TUT scientists help create new crisis management simulation system
How to prepare for crises like snowstorms, forest fires, floods, earthquakes, and industrial and traffic accidents? Scientists at Tallinn University of Technology (TUT) have created a simulation system for professionals to carry out computer-based trainings. The system was created in cooperation with scientists from 15 EU nations, as well as Israel and several private and public sector organizations.
In Estonia, for example, the system created in the framework of the CRISMA project allows to prepare for the events that occur almost every winter – multiple vehicle collisions due to icy road surface, like the collision of 13 cars on the Tallinn-Narva highway in January this year.
The quick, reasonable, and coordinated activity of ambulance and rescue service can be trained with the so-called serious computer gaming.
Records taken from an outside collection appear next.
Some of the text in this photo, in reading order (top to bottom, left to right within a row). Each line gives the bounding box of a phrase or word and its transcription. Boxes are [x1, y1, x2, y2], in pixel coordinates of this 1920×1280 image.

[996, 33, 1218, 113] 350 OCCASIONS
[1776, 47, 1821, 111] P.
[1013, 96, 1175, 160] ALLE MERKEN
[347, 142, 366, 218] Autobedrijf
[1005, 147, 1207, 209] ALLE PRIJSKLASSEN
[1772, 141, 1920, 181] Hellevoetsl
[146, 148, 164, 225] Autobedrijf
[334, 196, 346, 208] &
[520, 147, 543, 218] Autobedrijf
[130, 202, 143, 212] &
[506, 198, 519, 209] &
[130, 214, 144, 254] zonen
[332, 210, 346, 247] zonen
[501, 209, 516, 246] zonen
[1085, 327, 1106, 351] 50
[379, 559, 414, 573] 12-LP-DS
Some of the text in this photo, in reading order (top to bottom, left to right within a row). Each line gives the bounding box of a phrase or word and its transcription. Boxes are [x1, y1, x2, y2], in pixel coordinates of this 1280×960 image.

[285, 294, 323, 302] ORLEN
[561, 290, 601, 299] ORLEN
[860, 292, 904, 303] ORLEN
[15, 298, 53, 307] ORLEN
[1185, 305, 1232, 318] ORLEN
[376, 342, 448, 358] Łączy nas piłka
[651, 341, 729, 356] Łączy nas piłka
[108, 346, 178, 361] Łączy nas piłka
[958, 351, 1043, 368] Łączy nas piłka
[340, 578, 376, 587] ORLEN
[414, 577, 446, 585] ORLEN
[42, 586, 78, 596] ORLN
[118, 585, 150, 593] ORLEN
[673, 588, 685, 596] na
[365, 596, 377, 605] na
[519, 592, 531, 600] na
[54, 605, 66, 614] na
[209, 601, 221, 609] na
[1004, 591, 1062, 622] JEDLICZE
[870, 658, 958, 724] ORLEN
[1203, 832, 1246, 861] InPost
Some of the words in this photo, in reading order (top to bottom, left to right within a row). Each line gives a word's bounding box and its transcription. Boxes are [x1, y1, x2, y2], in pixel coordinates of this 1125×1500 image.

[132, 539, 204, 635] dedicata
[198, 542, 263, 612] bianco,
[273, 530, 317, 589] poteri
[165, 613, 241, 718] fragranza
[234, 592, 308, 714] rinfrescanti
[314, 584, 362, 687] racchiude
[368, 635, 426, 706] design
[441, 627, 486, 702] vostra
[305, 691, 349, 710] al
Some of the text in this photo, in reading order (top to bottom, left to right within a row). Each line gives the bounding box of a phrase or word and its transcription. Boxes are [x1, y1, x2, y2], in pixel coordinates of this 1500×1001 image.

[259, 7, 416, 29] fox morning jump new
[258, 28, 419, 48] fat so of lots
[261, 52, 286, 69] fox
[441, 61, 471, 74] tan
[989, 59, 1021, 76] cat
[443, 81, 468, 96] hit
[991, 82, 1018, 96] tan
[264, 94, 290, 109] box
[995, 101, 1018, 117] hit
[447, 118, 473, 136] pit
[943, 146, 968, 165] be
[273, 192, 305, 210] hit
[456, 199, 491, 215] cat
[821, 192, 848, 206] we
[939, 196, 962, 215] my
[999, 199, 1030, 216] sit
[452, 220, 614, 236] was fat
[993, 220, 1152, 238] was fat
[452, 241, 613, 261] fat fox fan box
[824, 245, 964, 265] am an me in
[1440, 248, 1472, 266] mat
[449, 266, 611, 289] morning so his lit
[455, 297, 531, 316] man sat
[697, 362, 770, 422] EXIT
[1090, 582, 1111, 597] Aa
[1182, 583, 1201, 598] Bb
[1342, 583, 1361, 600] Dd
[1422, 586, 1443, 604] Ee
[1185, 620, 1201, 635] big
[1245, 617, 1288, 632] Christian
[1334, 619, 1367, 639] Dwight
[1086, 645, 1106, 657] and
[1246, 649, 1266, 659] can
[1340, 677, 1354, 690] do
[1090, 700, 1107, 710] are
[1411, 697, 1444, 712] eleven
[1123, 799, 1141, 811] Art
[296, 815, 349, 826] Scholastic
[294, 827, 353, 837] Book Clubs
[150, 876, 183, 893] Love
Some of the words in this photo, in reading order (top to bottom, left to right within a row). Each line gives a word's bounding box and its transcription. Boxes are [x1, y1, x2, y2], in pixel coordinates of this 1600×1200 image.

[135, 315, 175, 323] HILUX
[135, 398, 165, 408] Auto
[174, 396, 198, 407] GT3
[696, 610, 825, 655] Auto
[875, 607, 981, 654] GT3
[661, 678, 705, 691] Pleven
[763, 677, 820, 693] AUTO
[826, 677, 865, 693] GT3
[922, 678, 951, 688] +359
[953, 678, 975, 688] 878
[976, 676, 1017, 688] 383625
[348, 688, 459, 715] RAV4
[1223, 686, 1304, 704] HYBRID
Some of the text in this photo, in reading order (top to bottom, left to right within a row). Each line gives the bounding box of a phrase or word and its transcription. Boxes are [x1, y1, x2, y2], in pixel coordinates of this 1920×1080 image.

A great advantage of the new simulation system is the ability to use and integrate other existing simulation systems, for example systems that model the cooling of houses caused by absence of heating in case of an accident, the spreading of cyclones, the evacuation of residents and damage to buildings caused by an earthquake or a landslide.
"The main results of the CRISMA project are the framework and methodology, which enable to put together a simulation system to prepare for any type of crisis," Professor of TUT’s Department of Informatics and Head of the Laboratory of Socio-Technical Systems, Kuldar Taveter, said. "In addition to crises caused by forces of nature, the training systems created by means of the framework and methodology resulting from CRISMA can also be used for preparing the decision-makers for managing crises caused by people. To adjust the system to different types of crises, however, additional software development work must still be done in each case."
The simulation system was created with the support of the European Union.